While such medications make it easier to fall into a light sleep, they interfere with the production of the sleep hormone melatonin, which dictates how much we dream. Diuretics and even aspirin can have the same effect.
Beyond the toll on our mental well-being, there is also the cost to our looks. Dream sleep is the body’s most important recovery time — the time when blood flow increases to the skin, feeding it essential nutrients while also flushing toxins away.
Without this phase, stress hormones in the body build up, slowing down skin-cell production and robbing it of the time it needs to renew and repair itself.
Sleep expert Dr Rubin Naiman, author of the new book Healing Night, The Science and Spirit of Sleeping, Dreaming and Awakening, says: ‘Human growth hormone is also released during this deep-sleep stage which contributes to the tone, luminescence and elasticity of the skin.
‘Later on, during our dream-sleep stage, voluntary muscles relax, easing the appearance of wrinkles.
‘It’s why I refer to REM sleep as Nature’s Botox. It’s sleep and dreams which contribute to a healthy appearance.’
Yet beyond that, lack of dream-time is also fuelling the biggest health crisis we are facing: the rise in obesity. People in the UK are now the most obese in Western Europe, with more than a quarter of adults now classed as dangerously fat.
Tam Fry, of the National Obesity Forum, says it’s not just that we need enough sleep. It also has to be high-quality REM rest.
Research has found women generally sleep less deeply than men — and so find it harder to get into a dreaming state, perhaps because evolution has hard-wired them to be more alert to the sound of a baby’s crying
‘Deep sleep takes time to get into. It’s when you are really are asleep. If you don’t get high-quality sleep, it starts to upset the metabolism,’ he says. ‘You only sleep fitfully. Then when you wake up, you reach for rewards and the chances are it will be snacks.’
There’s also a worrying link to dementia: a recent study by the Boston University School of Medicine found that adults who had less REM sleep are at a much higher risk. Researchers say REM sleep may help protect connections in the brain, which become damaged with dementia.
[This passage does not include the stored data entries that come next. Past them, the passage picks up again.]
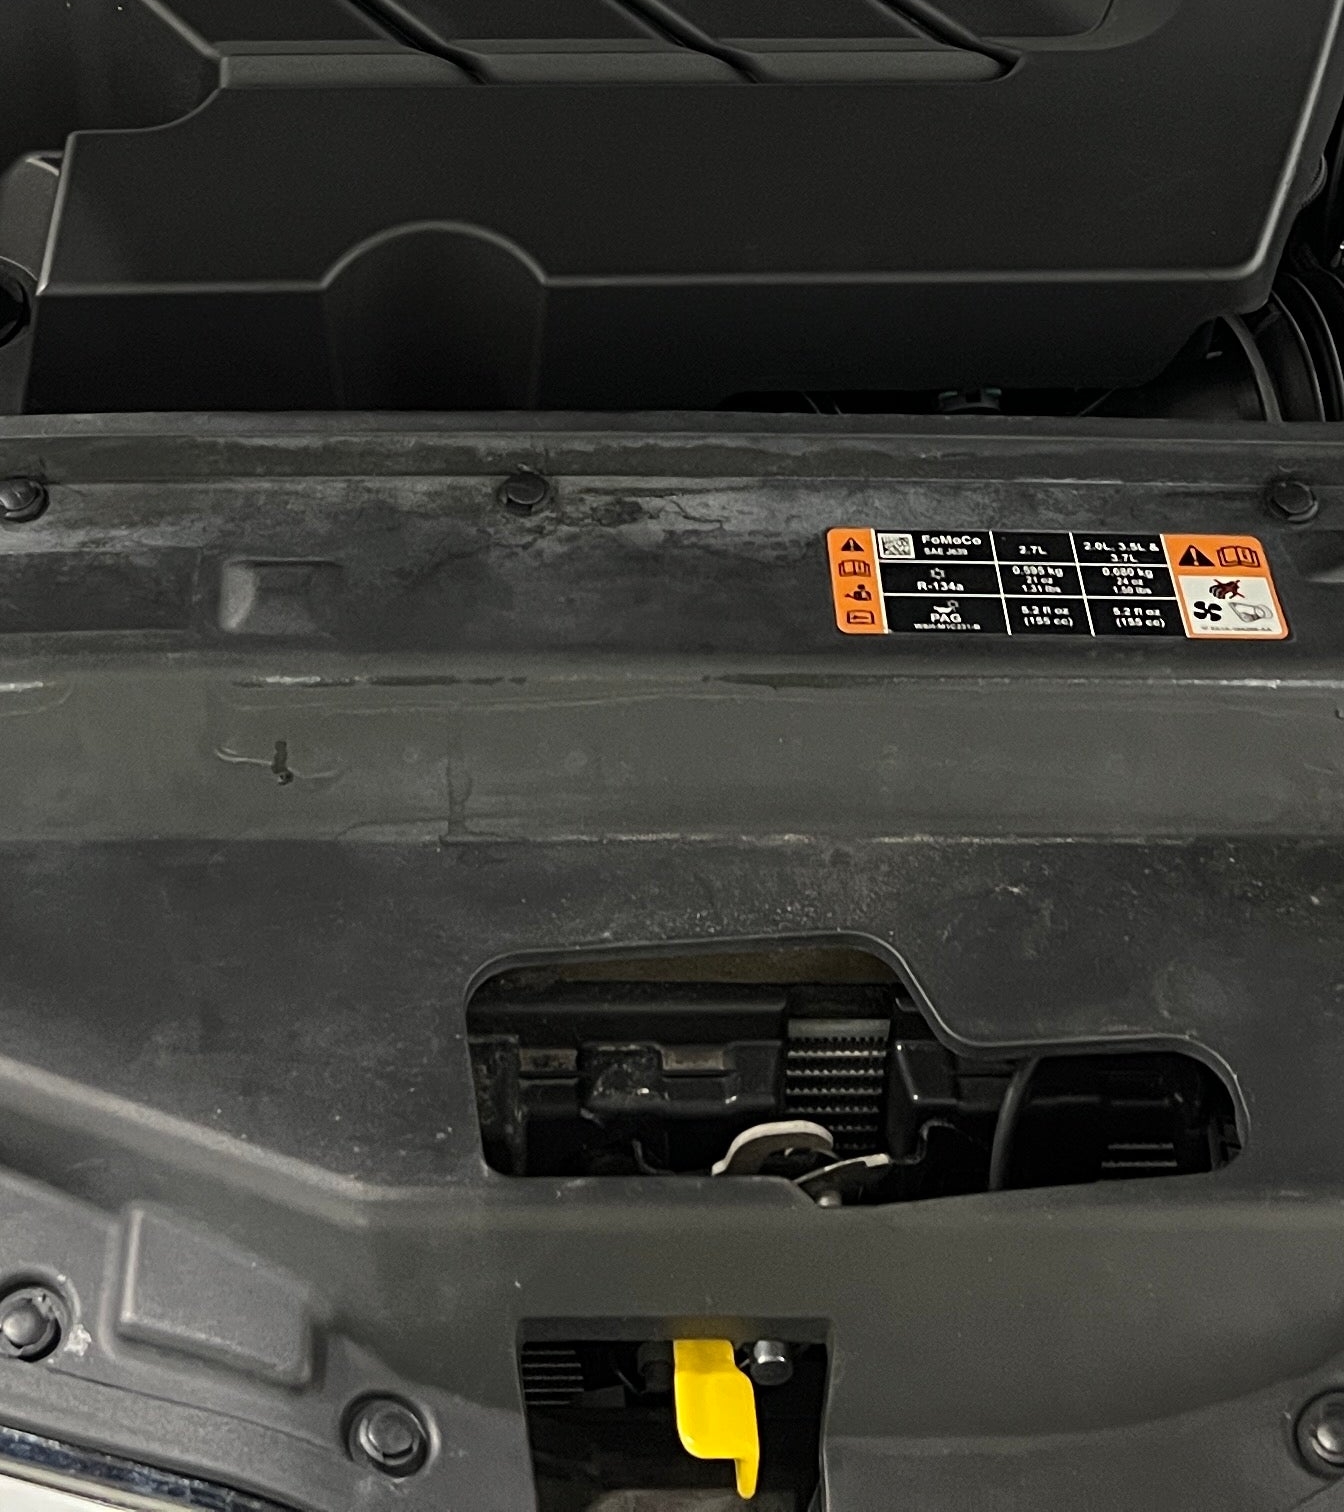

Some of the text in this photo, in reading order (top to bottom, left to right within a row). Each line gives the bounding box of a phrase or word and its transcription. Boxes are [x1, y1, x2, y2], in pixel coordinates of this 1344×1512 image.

[921, 534, 982, 545] FoMoCo
[1018, 545, 1048, 555] 2.7L
[1117, 542, 1146, 552] 3.5L
[1149, 543, 1160, 552] &
[1110, 553, 1139, 562] 3.7L
[1047, 566, 1064, 578] kg
[1137, 567, 1154, 579] kg
[1026, 575, 1038, 584] 21
[1117, 576, 1144, 586] 24 oz
[916, 580, 965, 591] R-134a
[1021, 605, 1070, 615] 5.2 fl oz
[1112, 606, 1161, 616] 5.2 fl oz
[930, 612, 962, 623] PAG
[1023, 616, 1073, 627] (155 cc)
[1115, 617, 1166, 628] (155 cc)
Yet sleep expert Professor John Groeger of Nottingham Trent University says we should be wary of thinking that REM dream sleep is the answer to all our woes.
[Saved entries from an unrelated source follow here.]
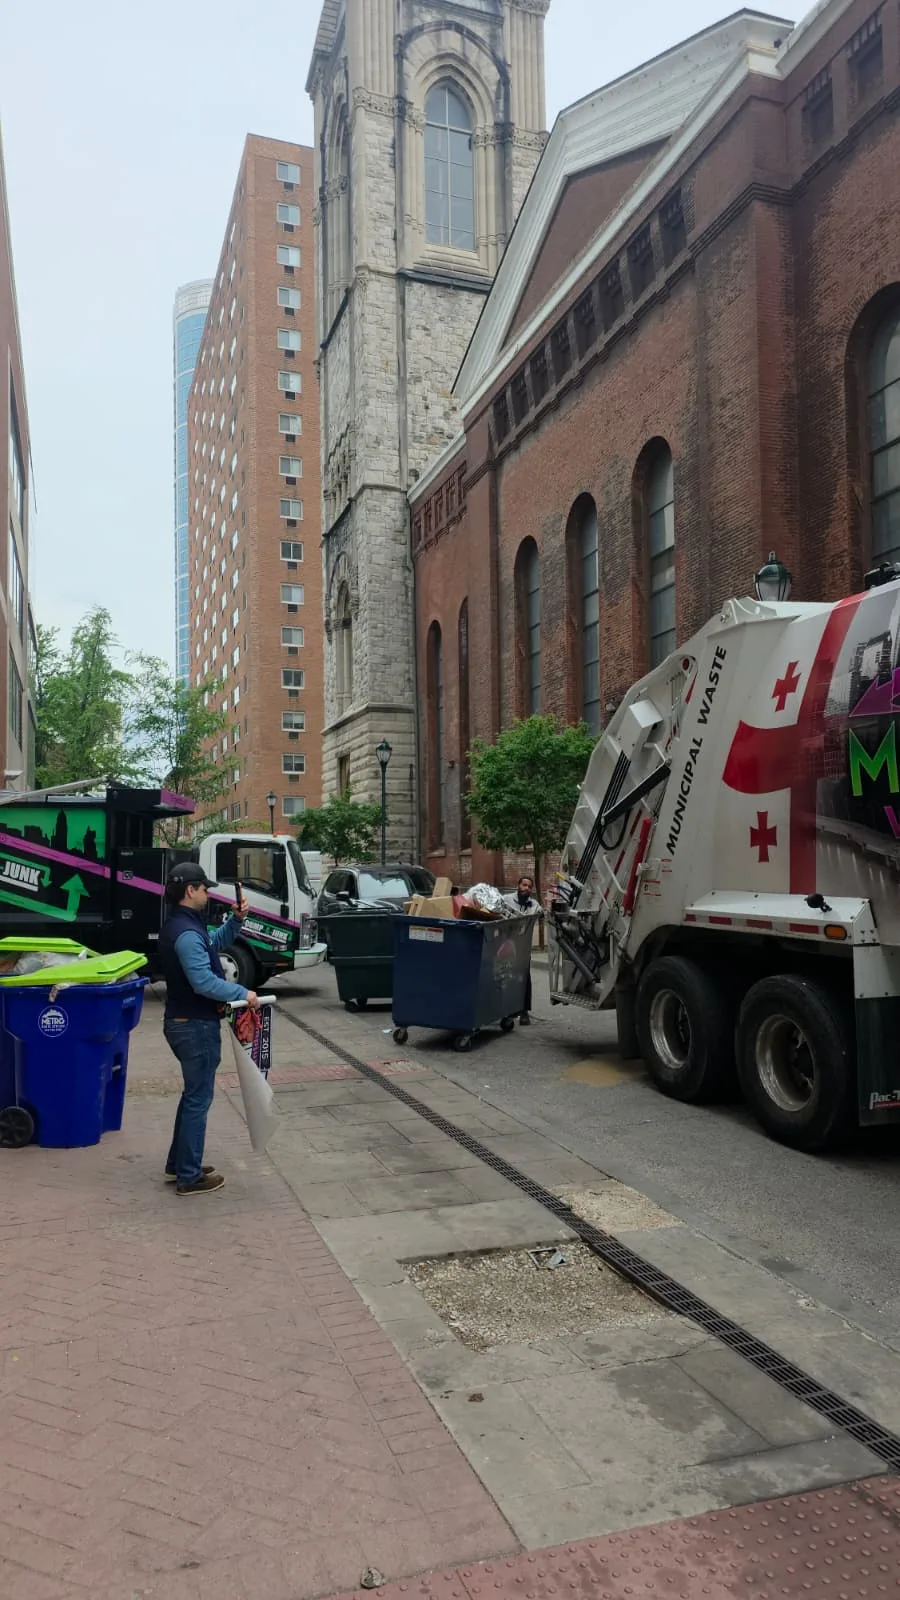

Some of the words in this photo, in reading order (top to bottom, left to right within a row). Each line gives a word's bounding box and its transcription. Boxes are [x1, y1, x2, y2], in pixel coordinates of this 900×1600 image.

[666, 737, 703, 855] MUNICIPAL
[697, 645, 727, 724] WASTE
[2, 860, 40, 885] JUNK
[271, 928, 288, 942] JUNK
[41, 1016, 65, 1025] METRO
[261, 1037, 269, 1060] 2015
Professor Groeger says we can dream — or go into a dreamlike state — during any of the five stages of sleep, which go from very light to very deep and REM.
But while it does appear that we have more vivid and emotional dreams during our REM cycle, it’s not known how much we need — or the effect a shortfall may have on our brains.
Professor Groeger also cautions against using home fitness tracking devices as an accurate way to gauge REM sleep.
‘The only way of tracking REM is to wear electrodes near the eyes, which measure muscle tone which drops during REM, and electrodes near the scalp which will detect the small electrical changes which are characteristic of each sleep stage.
‘Some fitness trackers will do a decent job telling us how much sleep we have had — but they cannot tell us what type of sleep we have had.’
Gina Clarke is adamant, however, that more hours spent asleep — and dreaming — will help her regain the emotional self-control she needs to stick to her fitness regime.
Gina, who went up three dress sizes after having her second child three years ago, now believes her dreamless state may have affected her impulse control, making her reach for snacks she knew she shouldn’t have, and making her feel pessimistic that she could ever shed the pounds
‘No matter how many fitness classes I signed up to, I couldn’t feel positive about my fitness regime. I was just going through the motions and gave in to cravings.
‘It was only when I saw my different types of sleep mapped out on graphs, that it occurred to me I wasn’t getting the right sort of sleep, even if I was still managing to get out of bed in the morning,’ she says.
‘And even if I do get some of those old falling nightmares again, I hope a few more dreams will help get the old me back.’